TASK DESCRIPTION
Repeat the records exactly. Leave out the pictures.

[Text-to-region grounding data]
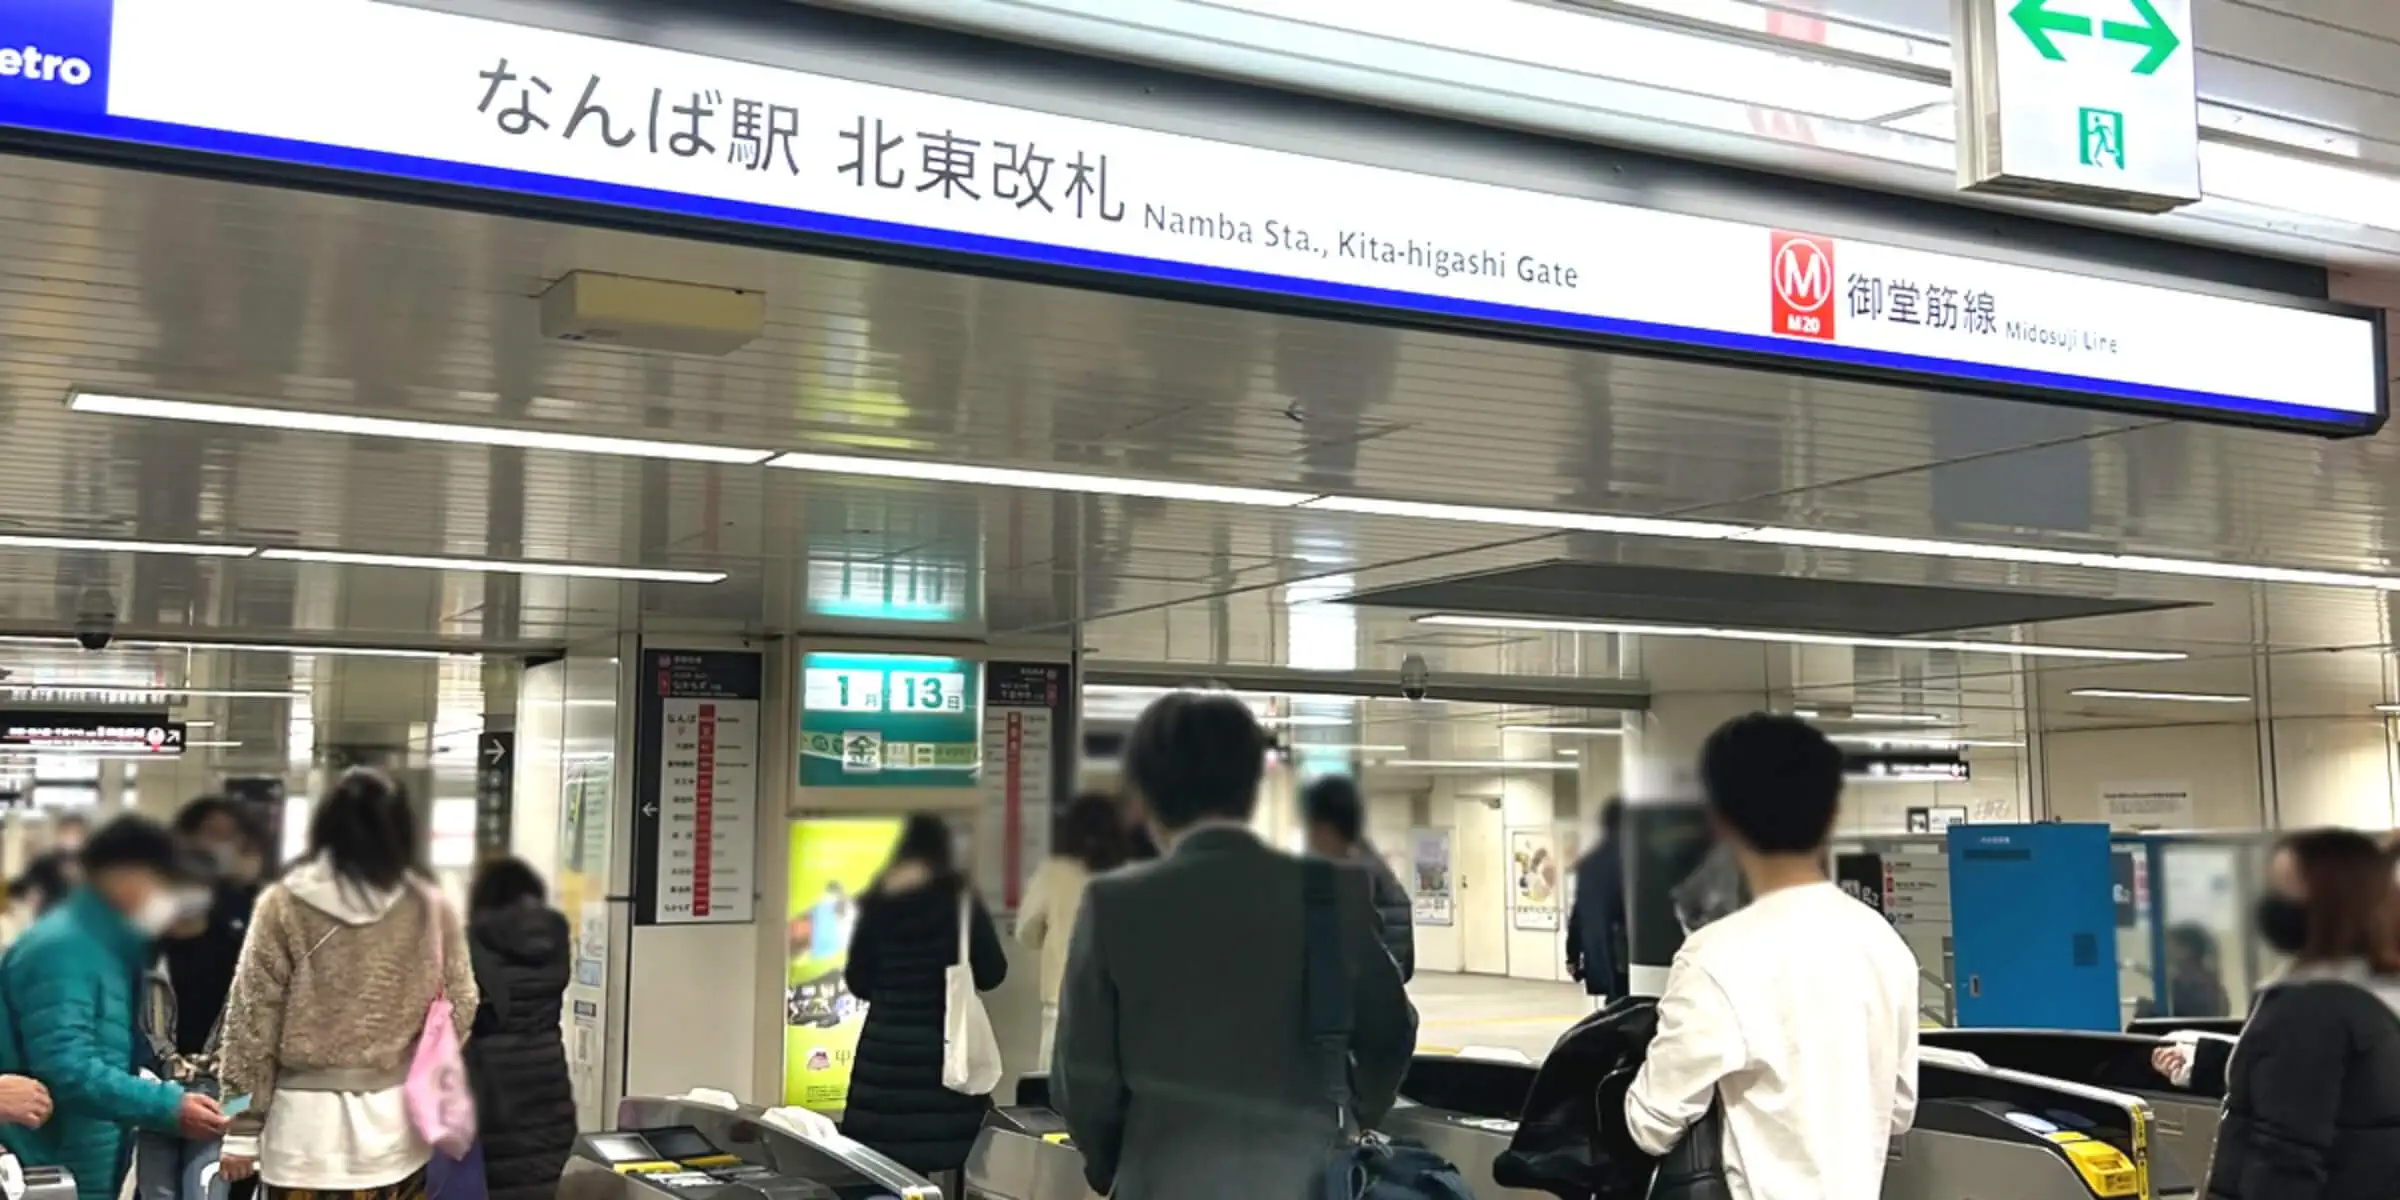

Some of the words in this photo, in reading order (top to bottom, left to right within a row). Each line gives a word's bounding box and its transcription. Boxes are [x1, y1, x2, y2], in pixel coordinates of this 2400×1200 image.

[0, 44, 92, 86] etro
[476, 56, 801, 178] なんば駅
[836, 114, 1127, 224] 北東改札
[1144, 203, 1252, 243] Namba
[1265, 219, 1328, 258] Sta.,
[1338, 230, 1505, 279] Kita-higashi
[1517, 256, 1578, 289] Gate
[1786, 313, 1820, 335] M20
[1847, 273, 1998, 336] 御堂筋線
[2005, 321, 2078, 353] Midosuji
[2083, 331, 2120, 355] Line

RESULT
Some of the words in this photo, in reading order (top to bottom, left to right within a row). Each line gives a word's bounding box and its transcription. Boxes are [x1, y1, x2, y2], in pixel coordinates of this 2400×1200 image.

[0, 44, 92, 86] etro
[476, 56, 801, 178] なんば駅
[836, 114, 1127, 224] 北東改札
[1144, 203, 1252, 243] Namba
[1265, 219, 1328, 258] Sta.,
[1338, 230, 1505, 279] Kita-higashi
[1517, 256, 1578, 289] Gate
[1786, 313, 1820, 335] M20
[1847, 273, 1998, 336] 御堂筋線
[2005, 321, 2078, 353] Midosuji
[2083, 331, 2120, 355] Line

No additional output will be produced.